Garut: Umbi eksotis dengan IG rendah
Berdasarkan nilai IG-nya,pangan dikategorikan menjadi tiga kelompok yaitu pangan IG rendah dengan nilai IG <55, pangan IG sedang dengan nilai IG 55-70, dan pangan IG tinggi dengan nilai IG >70. Karbohidrat dalam pangan yang dipecah dengan cepat selama pencernaan memiliki IG tinggi, sebaliknya pangan yang ber-IG rendah karbohidratnya akan dipecah dengan lambat sehingga pelepasan glukosa ke dalam darah juga lambat.
Salah satu umbi lokal yang memiliki nilai IG rendah (32) adalah umbi garut. Umbi ini bukan berasal dari daerah Garut, Jawa Barat tetapi memang namanya garut (Maranta arundinaceae) atau arrowroot. Memang sampai saat ini belum banyak masyarakat Indonesia yang mengenal umbi eksotik ini, padahal umbi garut memiliki keunggulan bila dibandingkan dengan jenis umbi lainnya. Umbi garut merupakan sumber pati yang baik digunakan sebagai bahan pangan fungsional. Namun sangat disayangkan pemanfaatannya untuk kepentingan pangan secara komersil belum dieksplorasi secara optimum. Pengolahan garut menjadi pati akan meningkatkan nilai ekonomis umbi garut. Program pengembangan tanaman garut sebagai sumber bahan baku alternatif industri pangan diluncurkan mantan presiden BJ Habibie sejak 1998 sebagai salah satu langkah pemenuhan pangan nasional. Dasar pengembangan tanaman garut adalah niat pemerintah mengubah paradigma impor bahan pangan dan menjual produk lanjutan bukan sekedar hasil panen.

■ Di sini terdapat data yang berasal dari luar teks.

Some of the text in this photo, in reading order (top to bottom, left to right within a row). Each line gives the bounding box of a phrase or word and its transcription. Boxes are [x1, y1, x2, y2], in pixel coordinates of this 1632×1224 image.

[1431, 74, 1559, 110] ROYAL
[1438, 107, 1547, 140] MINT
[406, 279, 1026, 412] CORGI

Di Indonesia pati umbi-umbian sangat berpotensi untuk dikembangkan sebagai bahan baku dan bahan pembantu untuk industri pangan dan non pangan. Salah satu cara untuk meningkatkan kegunaan pati adalah dengan membuat modifikasi pati agar diperoleh sifat-sifat yang cocok untuk aplikasi tertentu. Pati termodifikasi adalah pati yang diberi perlakuan tertentu yang bertujuan untuk menghasilkan sifat yang lebih baik untuk memperbaiki sifat sebelumnya atau untuk mengubah beberapa sifat lainnya. Industri pangan sudah mulai memanfaatkan penggunaan pati termodifikasi sebagai bahan pembantu bagi produk makanan tertentu. Penambahan pati termodifikasi pada produk pangan dapat meningkatkan nilai fungsional dan mempunyai keunggulan kualitas. Keunggulan penggunaan pati termodifikasi dalam bentuk resistant starch dapat menjadikan produk lebih crispy, lebih baik dari segi mouthfeel, warna dan flavor bila dibandingkan dengan produk yang ditambahkan traditional ingredient seperti serat pangan yang tidak larut.

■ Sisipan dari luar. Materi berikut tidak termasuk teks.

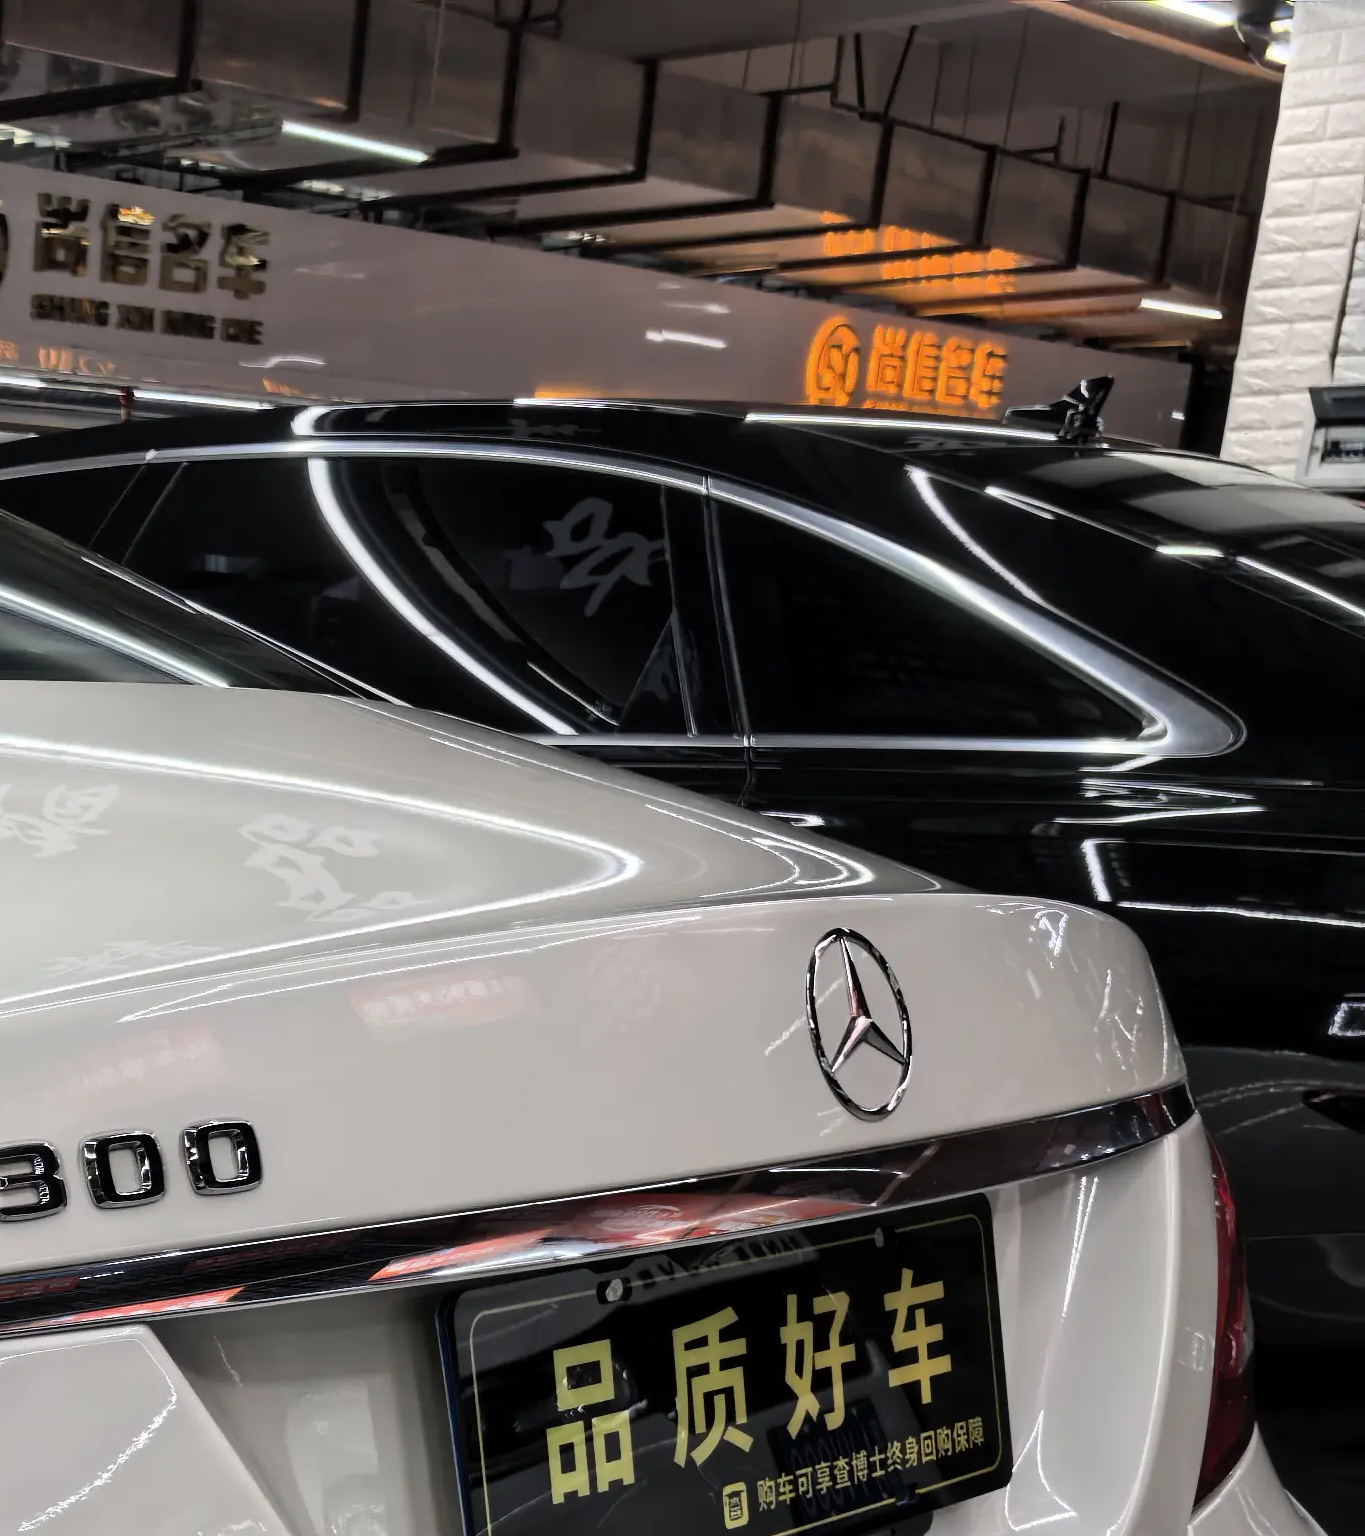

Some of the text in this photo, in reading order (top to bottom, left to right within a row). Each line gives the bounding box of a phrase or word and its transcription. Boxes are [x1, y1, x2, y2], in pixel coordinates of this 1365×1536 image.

[34, 191, 271, 300] 尚信名车
[867, 323, 1010, 409] 尚信名车
[545, 1267, 955, 1506] 品质好车
[756, 1416, 986, 1512] 购车可享查博士终身回购保障

Salah satu ingridien pangan yang merupakan hasil modifikasi pati dan dapat dijadikan sebagai bahan baku untuk pembuatan pangan fungsional adalah pati resisten atau resistant starch (RS). Pati resisten adalah pati dan produk hasil degradasi pati yang tidak dapat dicerna oleh enzim α-amilase dalam usus halus manusia yang sehat tetapi dapat difermentasi oleh mikroflora usus untuk menghasilkan asam lemak rantai pendek. Sajilata et al. (2006) menyatakan bahwa RS dapat berperan dalam mengurangi risiko timbulnya kanker kolon, mempunyai efek hipoglikemik, berperan sebagai prebiotik, mengurangi risiko pembentukan batu empedu, mempunyai efek hipokolesterolemik, menghambat akumulasi lemak, dan meningkatkan absorpsi mineral. Pati resisten juga memiliki nilai kalori rendah, yaitu sebesar 11,7 kJ/g RS atau 1,9 Kkal/g, sehingga dapat dijadikan sebagai ingredien untuk pangan rendah kalori (Taggart 2004).
Modifikasi Pati Garut melalui Proses Siklus Pemanasan-Pendinginan
Pati garut berpotensi untuk dijadikan sebagai bahan baku untuk menghasilkan RS. Secara alami sebagaimana sumber pati lainnya, pati garut memiliki kadar pati resisten yang rendah. Salah satu cara untuk meningkatkan pati resisten adalah dengan proses retrogradasi pati yang dapat menghasilkan RS. Retrogradasi pati dapat dilakukan dengan cara pemanasan pada suhu tinggi (autoclaving) yang dilanjutkan dengan proses pendinginan (cooling) (Lehmann et al. 2003). Proses autoclaving-cooling tersebut diulang beberapa kali untuk meningkatkan jumlah pati yang teretrogradasi (Zabar et al. 2008).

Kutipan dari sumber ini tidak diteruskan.